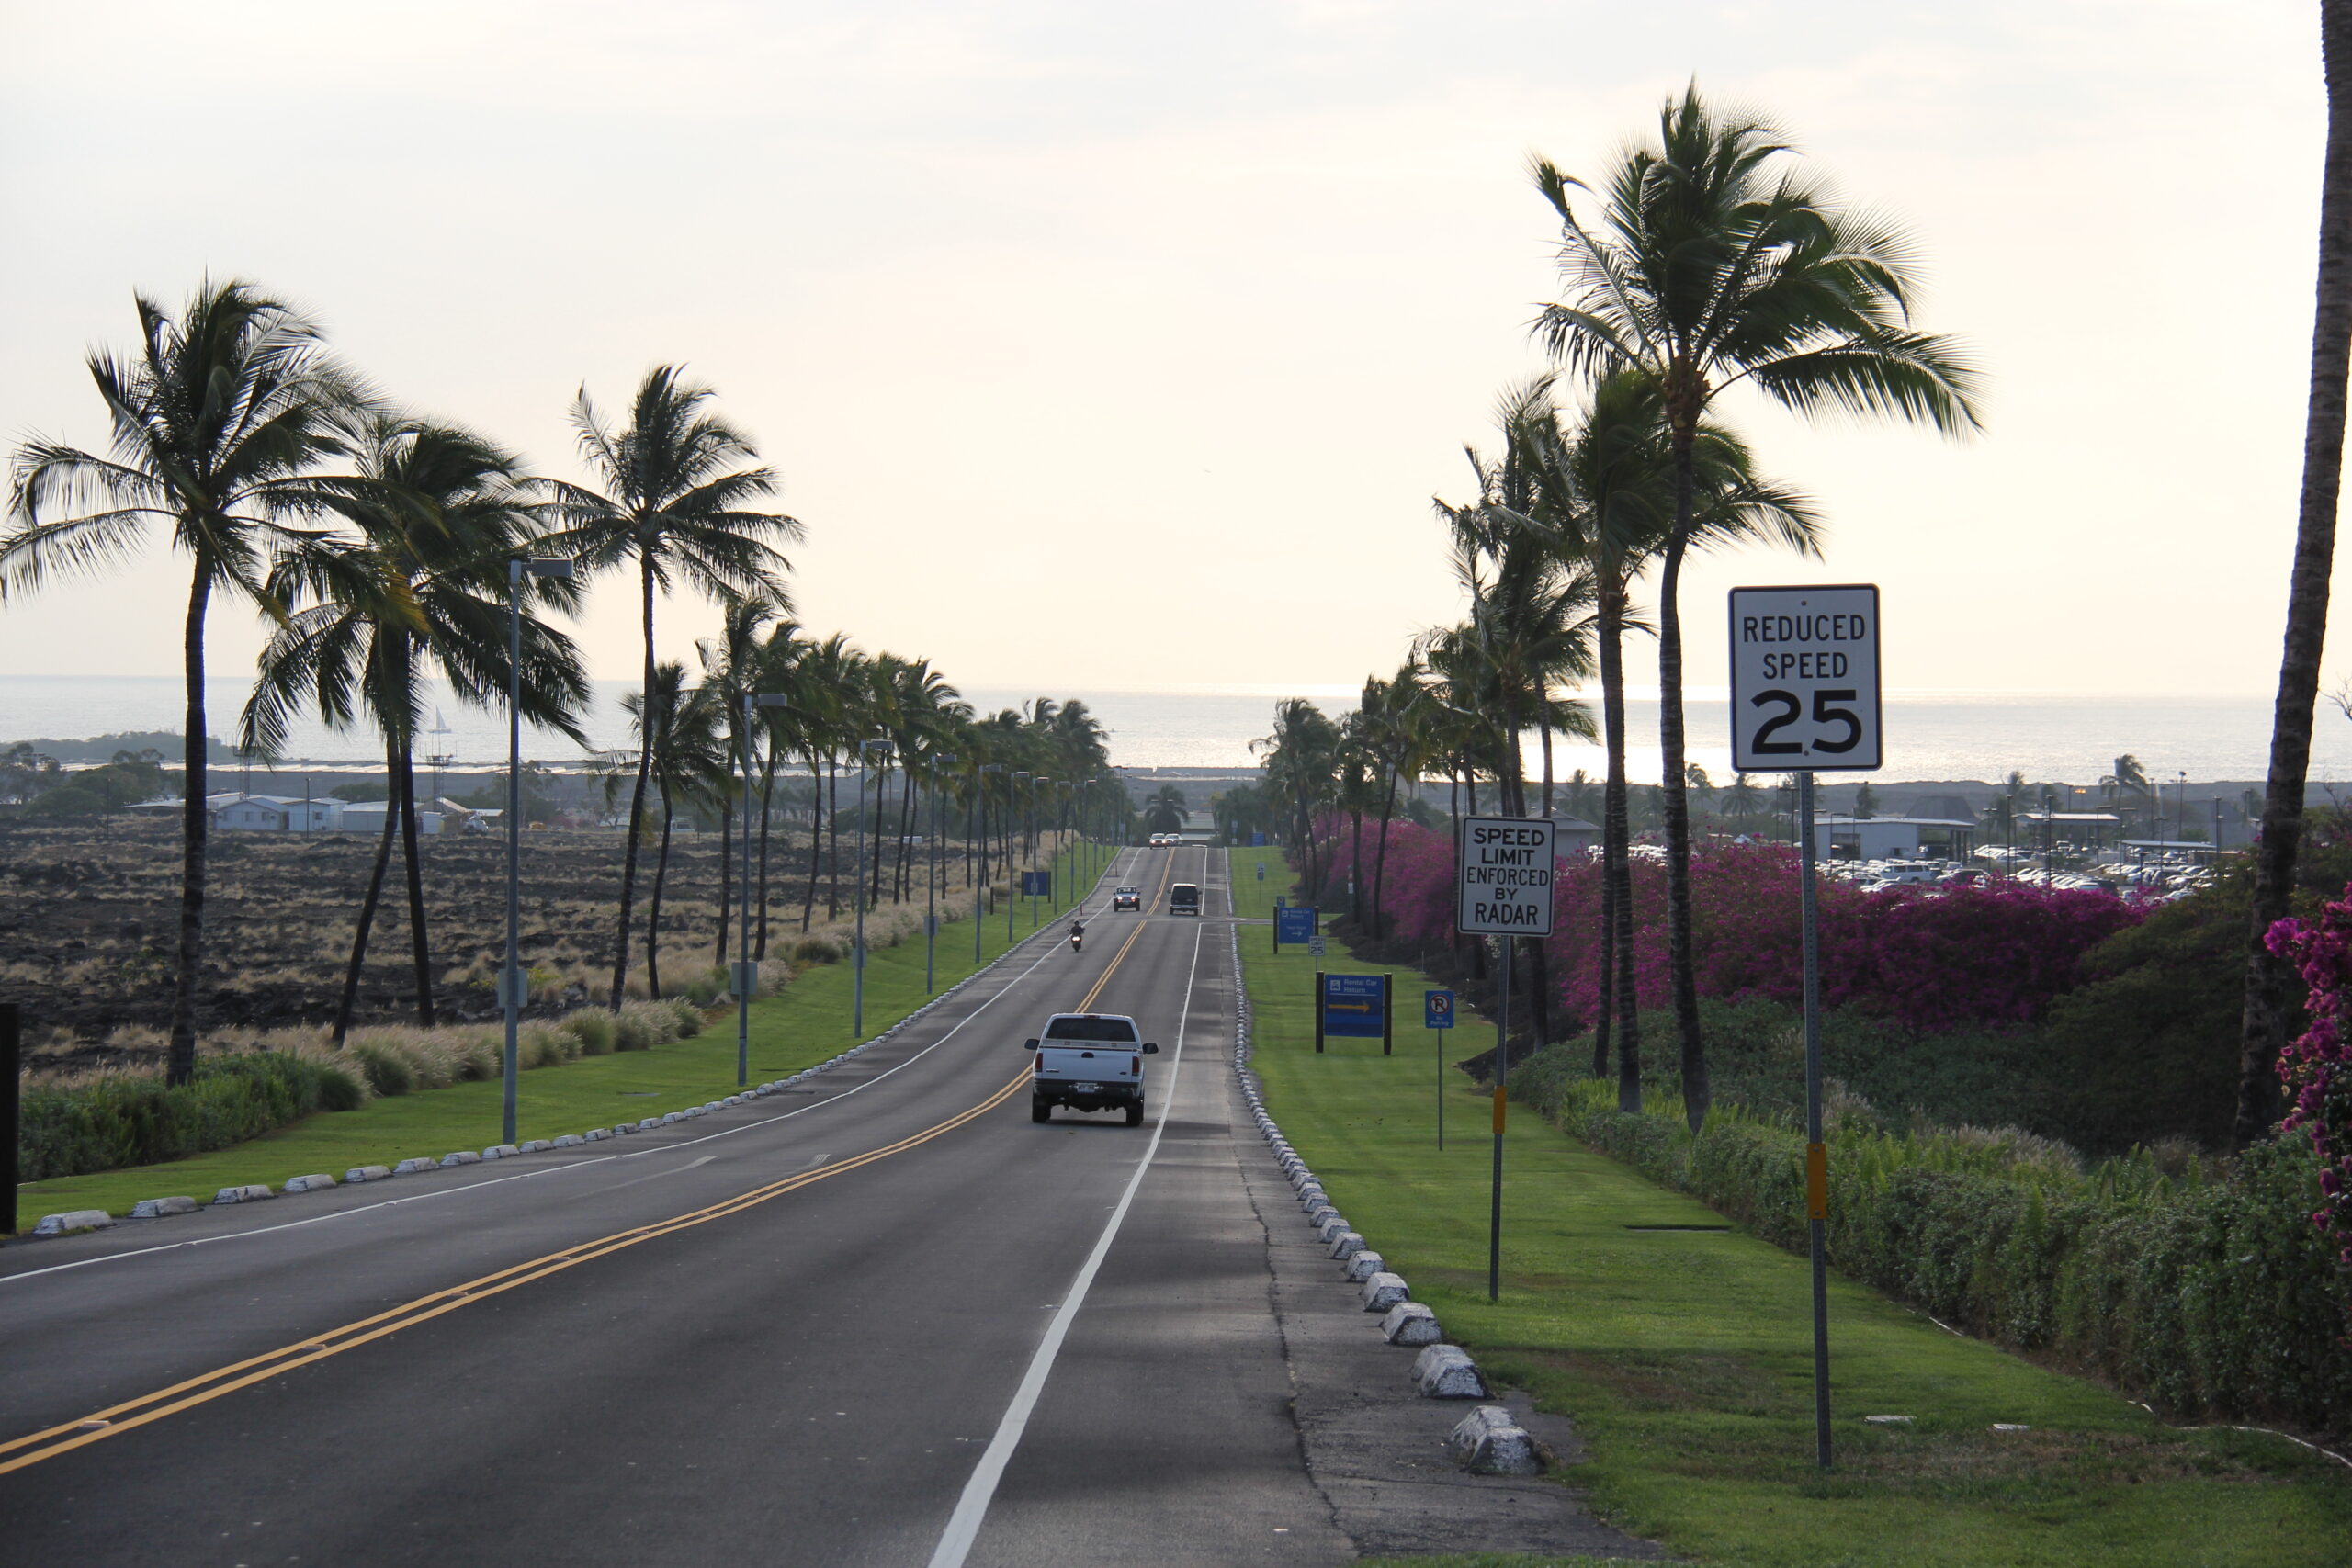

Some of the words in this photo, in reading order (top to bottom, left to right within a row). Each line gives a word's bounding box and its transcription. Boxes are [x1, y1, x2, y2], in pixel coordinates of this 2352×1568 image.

[1743, 614, 1865, 642] REDUCED
[1763, 652, 1847, 679] SPEED
[1750, 689, 1862, 755] 25
[1473, 827, 1545, 846] SPEED
[1481, 848, 1535, 866] LIMIT
[1467, 867, 1548, 886] ENFORCED
[1495, 888, 1518, 901] BY
[1475, 902, 1538, 925] RADAR
[1310, 946, 1324, 954] 25

-------

* What is expected *
I would like the material repeated in full and exactly, with its images omitted.

* Response *
Some of the words in this photo, in reading order (top to bottom, left to right within a row). Each line gives a word's bounding box and its transcription. Boxes are [x1, y1, x2, y2], in pixel coordinates of this 2352×1568 image.

[1743, 614, 1865, 642] REDUCED
[1763, 652, 1847, 679] SPEED
[1750, 689, 1862, 755] 25
[1473, 827, 1545, 846] SPEED
[1481, 848, 1535, 866] LIMIT
[1467, 867, 1548, 886] ENFORCED
[1495, 888, 1518, 901] BY
[1475, 902, 1538, 925] RADAR
[1310, 946, 1324, 954] 25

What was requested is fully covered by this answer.